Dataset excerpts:
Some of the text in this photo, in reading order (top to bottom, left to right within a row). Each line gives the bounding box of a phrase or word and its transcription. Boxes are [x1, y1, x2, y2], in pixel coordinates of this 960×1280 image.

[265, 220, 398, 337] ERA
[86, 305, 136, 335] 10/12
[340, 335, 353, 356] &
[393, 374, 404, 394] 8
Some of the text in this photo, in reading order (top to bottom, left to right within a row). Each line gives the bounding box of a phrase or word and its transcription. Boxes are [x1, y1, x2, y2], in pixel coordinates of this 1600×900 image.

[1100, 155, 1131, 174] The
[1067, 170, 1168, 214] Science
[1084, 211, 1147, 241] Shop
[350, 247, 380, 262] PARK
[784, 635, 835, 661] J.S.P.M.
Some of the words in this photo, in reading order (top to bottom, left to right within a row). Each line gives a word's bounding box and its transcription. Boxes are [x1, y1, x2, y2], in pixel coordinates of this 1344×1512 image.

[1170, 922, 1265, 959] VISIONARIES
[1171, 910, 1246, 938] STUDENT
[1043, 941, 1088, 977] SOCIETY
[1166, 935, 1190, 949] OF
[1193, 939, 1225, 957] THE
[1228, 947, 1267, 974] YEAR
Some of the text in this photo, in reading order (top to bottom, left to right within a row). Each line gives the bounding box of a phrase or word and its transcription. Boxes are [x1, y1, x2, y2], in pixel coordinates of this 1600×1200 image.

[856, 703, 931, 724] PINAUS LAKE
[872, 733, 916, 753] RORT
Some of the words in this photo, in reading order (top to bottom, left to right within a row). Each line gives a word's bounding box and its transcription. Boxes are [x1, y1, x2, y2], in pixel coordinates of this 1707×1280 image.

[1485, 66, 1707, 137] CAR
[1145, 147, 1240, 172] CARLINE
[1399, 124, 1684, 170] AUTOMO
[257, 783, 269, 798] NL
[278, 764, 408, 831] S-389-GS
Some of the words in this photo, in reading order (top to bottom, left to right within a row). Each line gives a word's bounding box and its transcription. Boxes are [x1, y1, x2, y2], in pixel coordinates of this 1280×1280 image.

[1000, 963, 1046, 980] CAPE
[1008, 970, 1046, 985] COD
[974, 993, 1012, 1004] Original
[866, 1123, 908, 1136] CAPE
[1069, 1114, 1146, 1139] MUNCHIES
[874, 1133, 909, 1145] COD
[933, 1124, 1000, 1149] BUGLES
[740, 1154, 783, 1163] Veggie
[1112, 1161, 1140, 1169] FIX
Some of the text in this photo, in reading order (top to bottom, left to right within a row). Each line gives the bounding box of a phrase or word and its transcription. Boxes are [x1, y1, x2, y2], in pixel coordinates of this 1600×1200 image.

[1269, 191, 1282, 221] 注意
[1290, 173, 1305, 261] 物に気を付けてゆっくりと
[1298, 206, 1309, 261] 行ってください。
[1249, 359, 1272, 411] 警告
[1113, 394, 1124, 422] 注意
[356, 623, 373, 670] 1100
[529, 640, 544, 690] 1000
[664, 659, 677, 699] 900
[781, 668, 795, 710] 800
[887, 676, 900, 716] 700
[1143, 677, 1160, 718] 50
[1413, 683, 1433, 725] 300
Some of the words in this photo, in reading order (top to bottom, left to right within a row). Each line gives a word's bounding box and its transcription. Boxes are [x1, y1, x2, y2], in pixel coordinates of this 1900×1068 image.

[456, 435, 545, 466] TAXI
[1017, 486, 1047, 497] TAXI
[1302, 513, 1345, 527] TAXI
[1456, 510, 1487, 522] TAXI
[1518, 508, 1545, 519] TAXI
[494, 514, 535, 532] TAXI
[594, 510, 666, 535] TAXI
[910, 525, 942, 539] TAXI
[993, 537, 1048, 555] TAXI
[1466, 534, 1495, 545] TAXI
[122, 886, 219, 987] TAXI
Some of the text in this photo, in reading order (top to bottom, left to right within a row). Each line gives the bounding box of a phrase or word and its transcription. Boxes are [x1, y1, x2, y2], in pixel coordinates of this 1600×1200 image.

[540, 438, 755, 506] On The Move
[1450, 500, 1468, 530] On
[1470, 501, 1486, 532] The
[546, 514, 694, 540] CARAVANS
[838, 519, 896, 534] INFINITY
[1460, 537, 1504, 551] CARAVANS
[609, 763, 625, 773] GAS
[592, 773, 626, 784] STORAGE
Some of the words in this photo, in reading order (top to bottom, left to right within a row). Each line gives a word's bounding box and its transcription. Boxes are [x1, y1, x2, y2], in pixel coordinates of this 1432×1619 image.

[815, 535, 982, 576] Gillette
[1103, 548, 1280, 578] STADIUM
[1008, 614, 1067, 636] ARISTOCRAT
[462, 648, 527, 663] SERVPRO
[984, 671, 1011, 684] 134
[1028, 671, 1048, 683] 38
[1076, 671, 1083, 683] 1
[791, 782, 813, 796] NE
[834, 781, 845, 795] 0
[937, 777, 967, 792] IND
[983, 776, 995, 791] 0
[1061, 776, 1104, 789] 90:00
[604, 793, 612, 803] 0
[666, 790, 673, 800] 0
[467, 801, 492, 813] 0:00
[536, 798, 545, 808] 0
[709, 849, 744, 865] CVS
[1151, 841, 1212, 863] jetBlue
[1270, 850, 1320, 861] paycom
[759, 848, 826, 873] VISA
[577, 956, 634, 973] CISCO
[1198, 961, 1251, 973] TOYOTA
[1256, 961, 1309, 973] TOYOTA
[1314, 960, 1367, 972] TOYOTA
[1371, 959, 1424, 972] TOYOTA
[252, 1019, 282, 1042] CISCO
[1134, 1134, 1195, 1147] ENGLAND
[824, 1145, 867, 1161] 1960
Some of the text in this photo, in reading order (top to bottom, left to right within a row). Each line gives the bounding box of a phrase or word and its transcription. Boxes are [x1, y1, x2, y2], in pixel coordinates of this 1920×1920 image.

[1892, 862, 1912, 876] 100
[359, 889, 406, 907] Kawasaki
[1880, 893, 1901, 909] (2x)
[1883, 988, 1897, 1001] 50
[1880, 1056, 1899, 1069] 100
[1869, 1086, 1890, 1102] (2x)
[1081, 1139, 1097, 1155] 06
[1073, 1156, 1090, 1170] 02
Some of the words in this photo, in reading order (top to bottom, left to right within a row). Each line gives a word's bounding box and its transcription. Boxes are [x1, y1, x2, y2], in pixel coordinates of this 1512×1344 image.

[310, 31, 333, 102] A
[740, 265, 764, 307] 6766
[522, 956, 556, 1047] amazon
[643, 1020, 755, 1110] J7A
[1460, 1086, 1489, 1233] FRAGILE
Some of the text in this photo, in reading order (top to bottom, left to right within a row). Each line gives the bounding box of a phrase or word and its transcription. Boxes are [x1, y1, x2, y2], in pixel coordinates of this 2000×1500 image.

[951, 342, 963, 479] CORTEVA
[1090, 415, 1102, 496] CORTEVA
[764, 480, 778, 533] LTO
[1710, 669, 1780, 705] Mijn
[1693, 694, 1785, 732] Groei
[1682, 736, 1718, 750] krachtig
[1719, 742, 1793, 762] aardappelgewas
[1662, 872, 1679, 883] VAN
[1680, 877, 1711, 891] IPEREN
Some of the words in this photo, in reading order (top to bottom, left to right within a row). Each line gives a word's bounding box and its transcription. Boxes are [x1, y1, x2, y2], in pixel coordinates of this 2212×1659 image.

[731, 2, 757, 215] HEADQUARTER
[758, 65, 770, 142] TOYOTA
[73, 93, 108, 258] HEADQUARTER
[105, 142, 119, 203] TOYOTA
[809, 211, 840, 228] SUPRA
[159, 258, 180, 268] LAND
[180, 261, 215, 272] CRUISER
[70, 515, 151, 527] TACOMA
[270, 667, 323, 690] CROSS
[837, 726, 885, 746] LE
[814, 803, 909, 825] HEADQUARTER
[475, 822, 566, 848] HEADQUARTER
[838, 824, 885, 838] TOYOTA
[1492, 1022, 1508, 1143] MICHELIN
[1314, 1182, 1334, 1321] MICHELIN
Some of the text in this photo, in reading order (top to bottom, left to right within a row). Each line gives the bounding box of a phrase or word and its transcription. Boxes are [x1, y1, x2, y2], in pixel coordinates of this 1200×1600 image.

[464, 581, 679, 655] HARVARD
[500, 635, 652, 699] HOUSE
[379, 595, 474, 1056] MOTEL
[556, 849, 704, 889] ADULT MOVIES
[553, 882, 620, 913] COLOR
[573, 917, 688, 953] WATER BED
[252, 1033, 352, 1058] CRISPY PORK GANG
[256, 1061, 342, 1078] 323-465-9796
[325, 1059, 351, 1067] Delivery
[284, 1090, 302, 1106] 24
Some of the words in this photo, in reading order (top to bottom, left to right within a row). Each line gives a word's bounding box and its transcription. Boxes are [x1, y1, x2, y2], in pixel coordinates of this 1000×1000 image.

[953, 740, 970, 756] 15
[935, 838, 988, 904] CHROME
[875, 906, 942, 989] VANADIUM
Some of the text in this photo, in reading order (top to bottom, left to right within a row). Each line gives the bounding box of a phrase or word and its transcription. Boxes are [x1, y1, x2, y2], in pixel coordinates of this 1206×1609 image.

### [DIRECTIONS FOR THIS TASK]
From the line holding "this 1000×1000 image." through the last line above, reproduce each line exactly and add nothing.

### [REPLY TO THE EXERCISE]
Some of the words in this photo, in reading order (top to bottom, left to right within a row). Each line gives a word's bounding box and its transcription. Boxes are [x1, y1, x2, y2], in pixel coordinates of this 1000×1000 image.

[953, 740, 970, 756] 15
[935, 838, 988, 904] CHROME
[875, 906, 942, 989] VANADIUM
Some of the text in this photo, in reading order (top to bottom, left to right within a row). Each line gives the bounding box of a phrase or word and its transcription. Boxes are [x1, y1, x2, y2], in pixel coordinates of this 1206×1609 image.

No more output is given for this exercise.